I had a vision of what one might call Divinity.
I’ve never felt very comfortable with the word God. It’s too associated with religion, and with absurd and horrible interpretations of what divinity could be. I’ve tried out different alternatives to this word, including the popular “The Universe”, but recently I settled on “Divinity”.
I like “Divinity” because it is an uncountable noun, where “God” is a countable noun. If God can be counted, if there is one God, it stands to reason there could be two, or three… Divinity, as an uncountable noun, does not imply a boundary. For all we know, it goes on and on.
In a difficult moment recently I called on True Divinity.

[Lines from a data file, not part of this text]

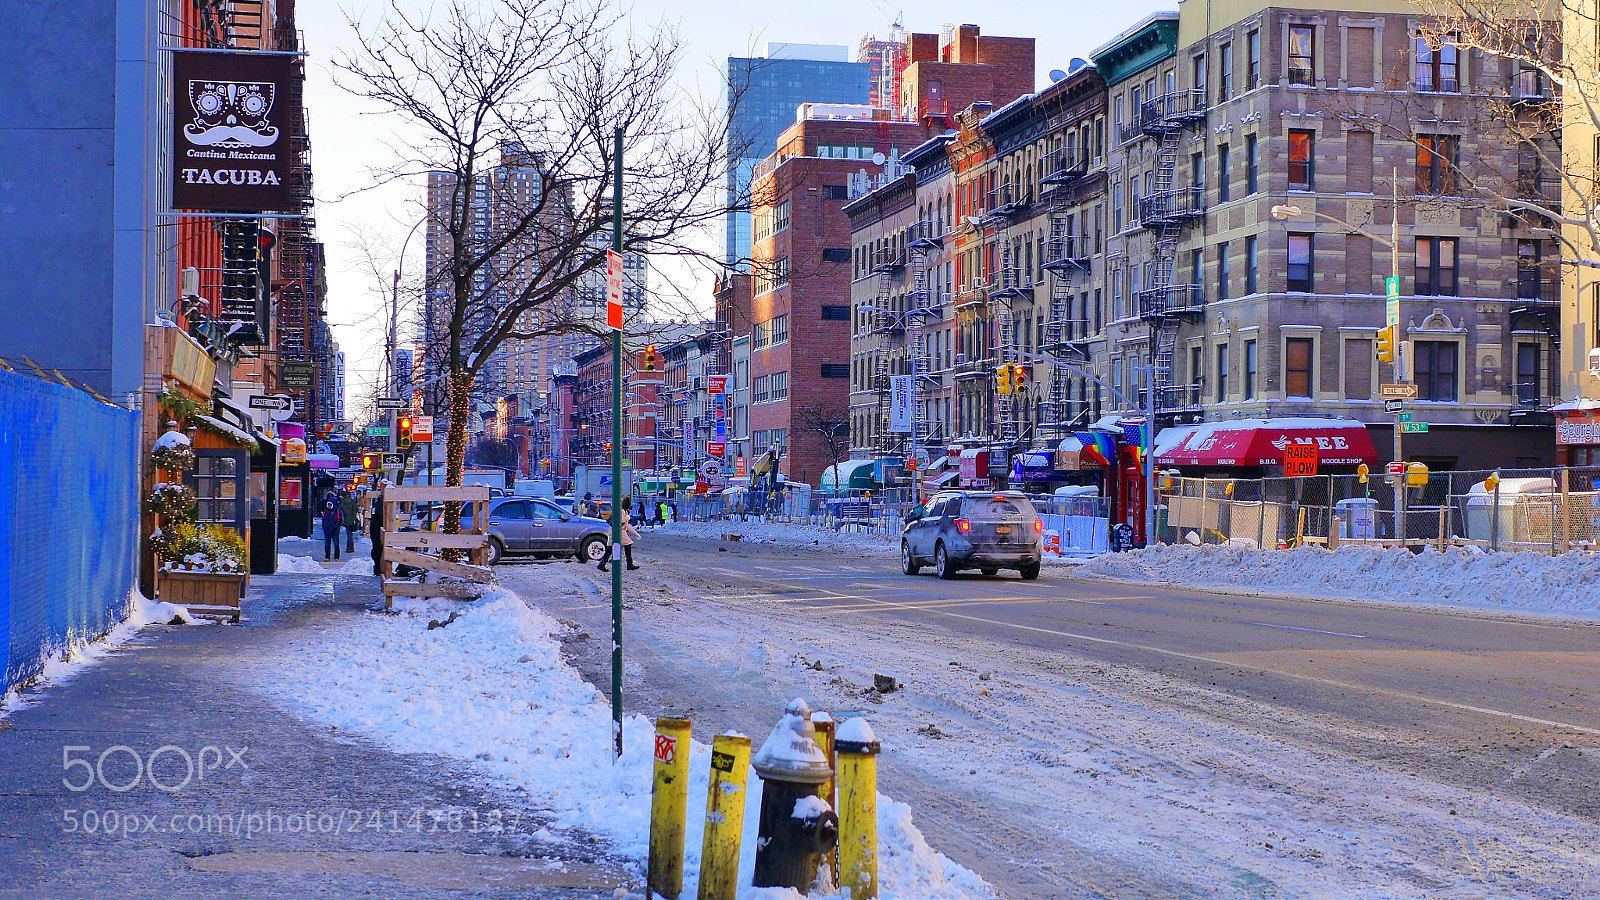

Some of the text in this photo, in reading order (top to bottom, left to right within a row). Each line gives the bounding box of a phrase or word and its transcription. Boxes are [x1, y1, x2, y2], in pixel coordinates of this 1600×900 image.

[187, 149, 276, 160] Cantina Mexicana
[182, 168, 280, 185] TACUBA
[1287, 447, 1315, 459] RAISE
[1286, 462, 1314, 474] PLOW
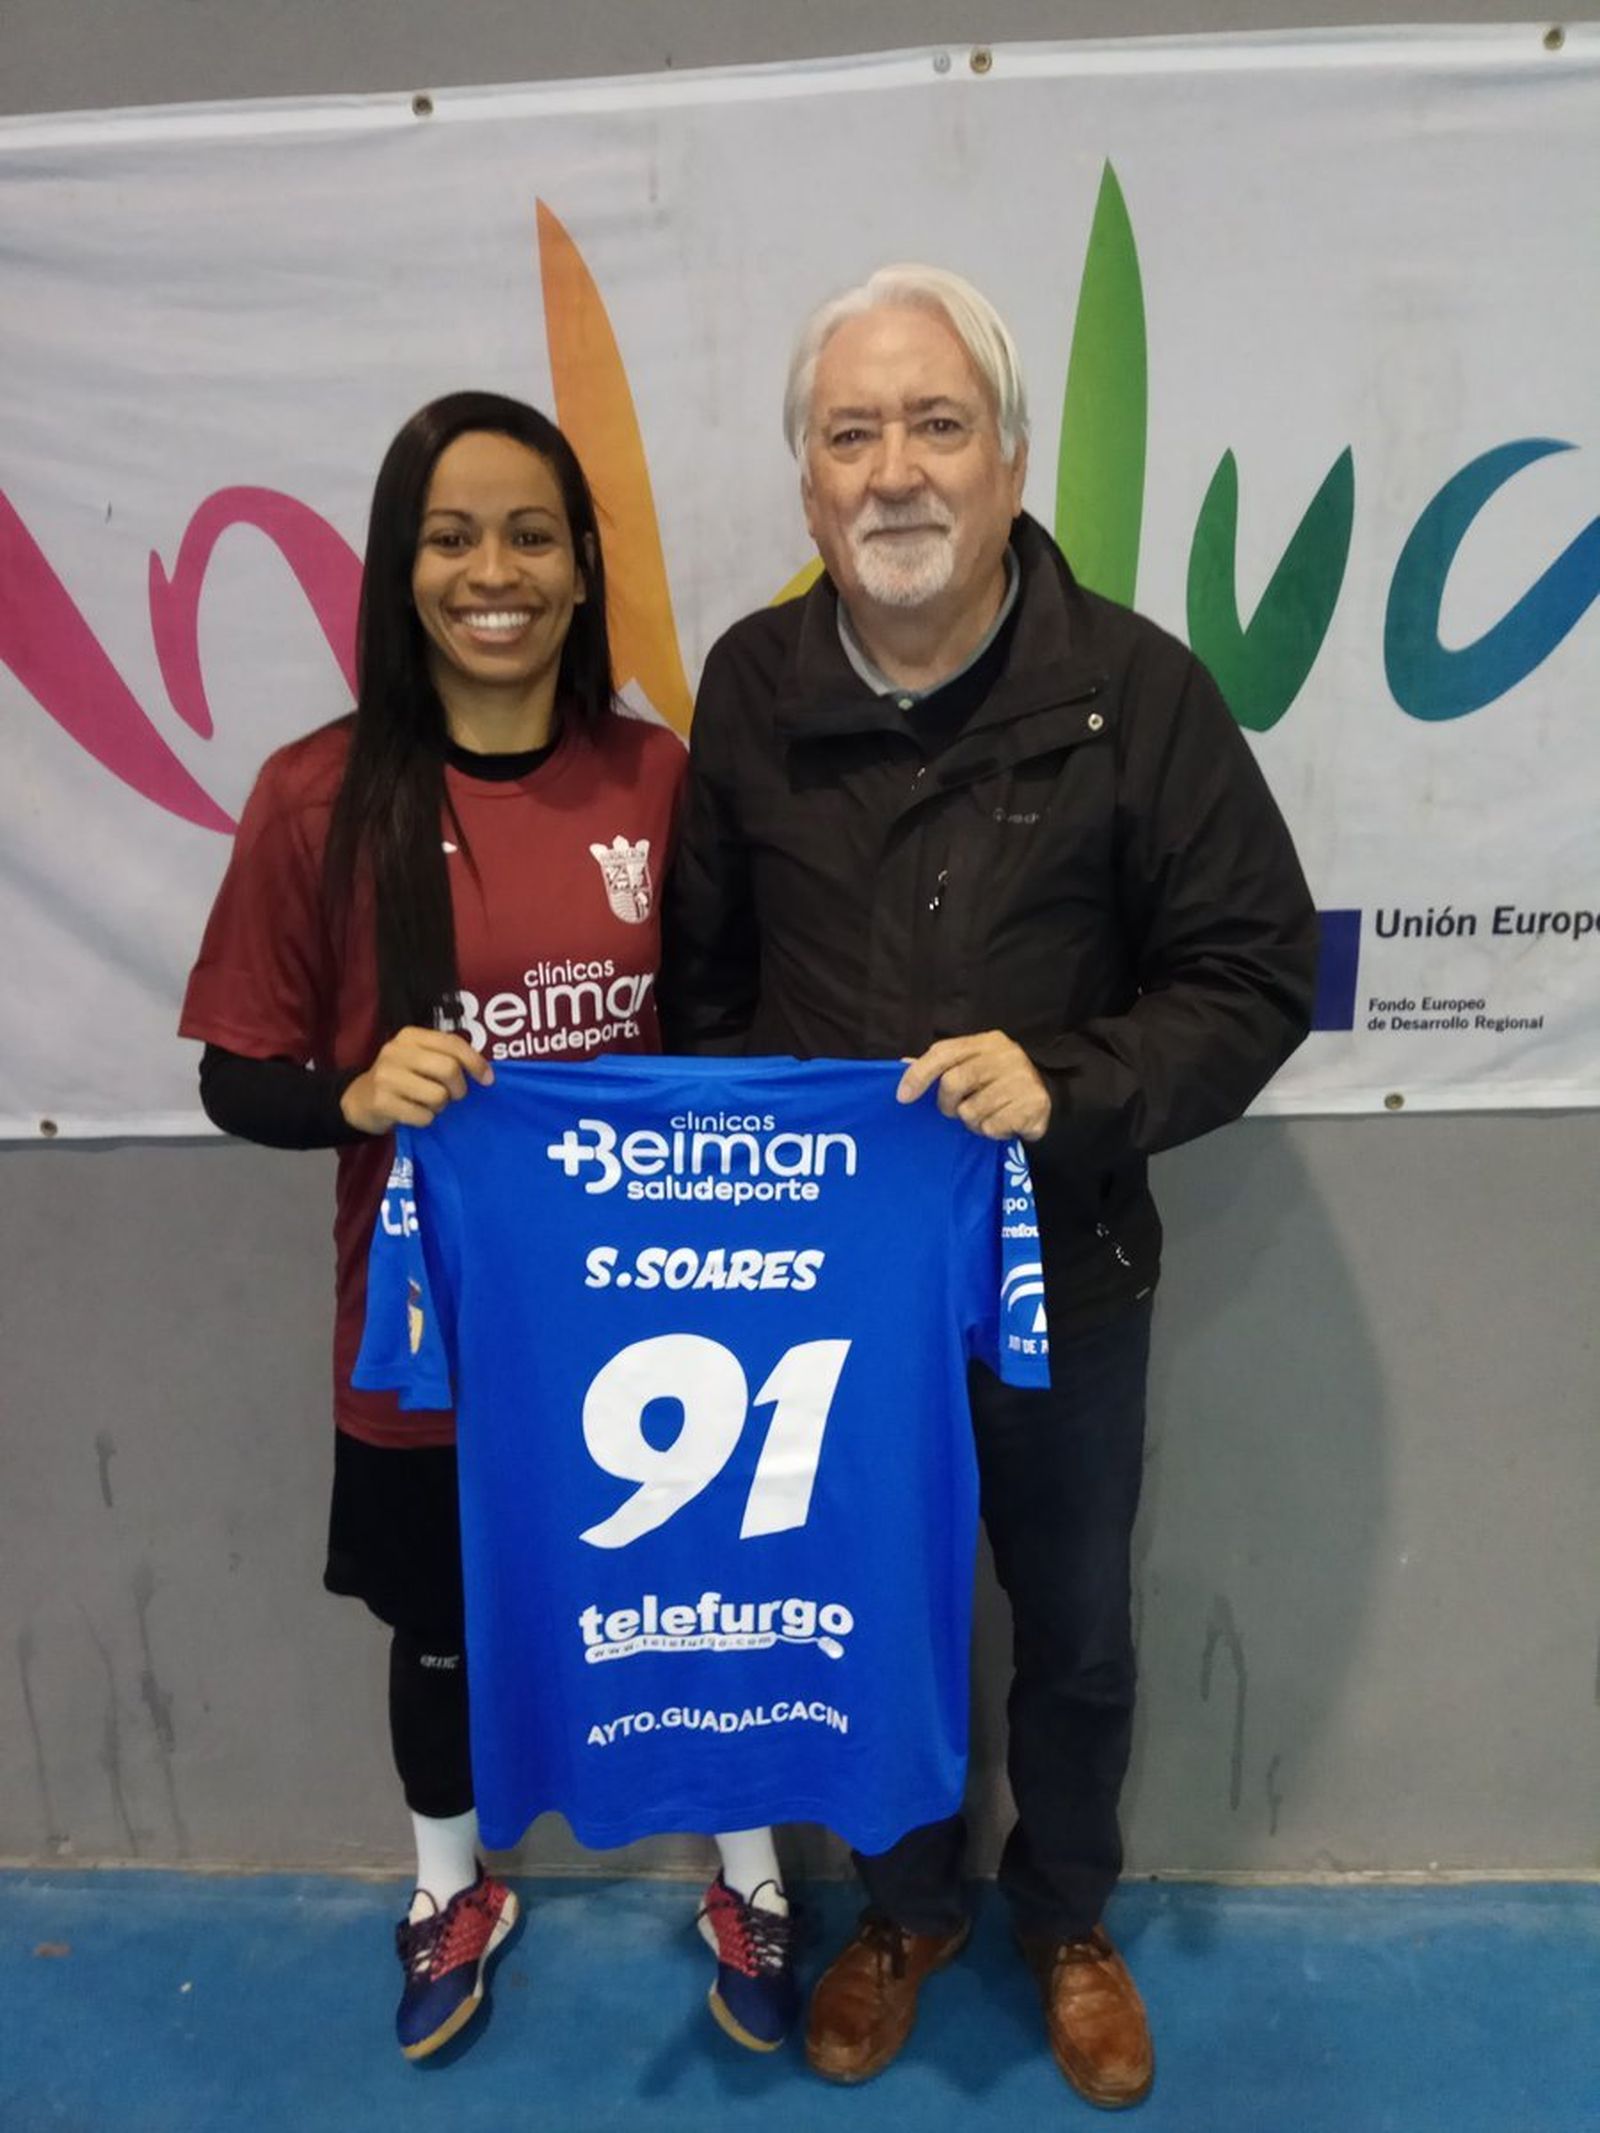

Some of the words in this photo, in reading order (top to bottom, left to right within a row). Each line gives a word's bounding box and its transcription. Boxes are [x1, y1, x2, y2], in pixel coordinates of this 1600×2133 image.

I called on Divinity, as that is the word I have chosen, and True Divinity, because I know how many times I’ve gone wrong with my attempts to channel. I’ve had negative spirits stand in for angels multiple times because I didn’t know where to look for angels, and only realised this in special moments when my perception was heightened and I could see through the facade. So I became skeptical of my own idea of Divinity. This time I called for True Divinity, and tried to connect with the feeling I had had in the moments where I had had authentic divine experiences.
This time, I broke through, and I found a field full of flowers, shone on by beautiful light, like sunlight but almost too bright to be real. This is the landscape I see in my most wholesome dreams, and it became the vision which I needed to symbolise True Divinity in my mind. A bright, open landscape. There, I heard the voice of my spirit guides, who I have had some connection to in the past.
Since then, I’ve sometimes stood at my altar and just tried to access the feeling of Divinity. It’s a joyful feeling, and not at all intimidating – they are my best friends, my equals, my family. Who are “they”? I suspect my spirit guides, though I don’t often get much more detail than that feeling. There is love there, the sort of love that feels like home to me, though I know I am an unusual creature to feel like a stranger in a world that doesn’t love, and to feel at home in a place of true, deep love.
It is easier for me to connect with “them” – my spirit guides and angels, my divine family – than one spirit who would represent all of Divinity. It occurred to me just now that maybe what we would call God is the field itself – a space, not an object. And my divine family exist in that space.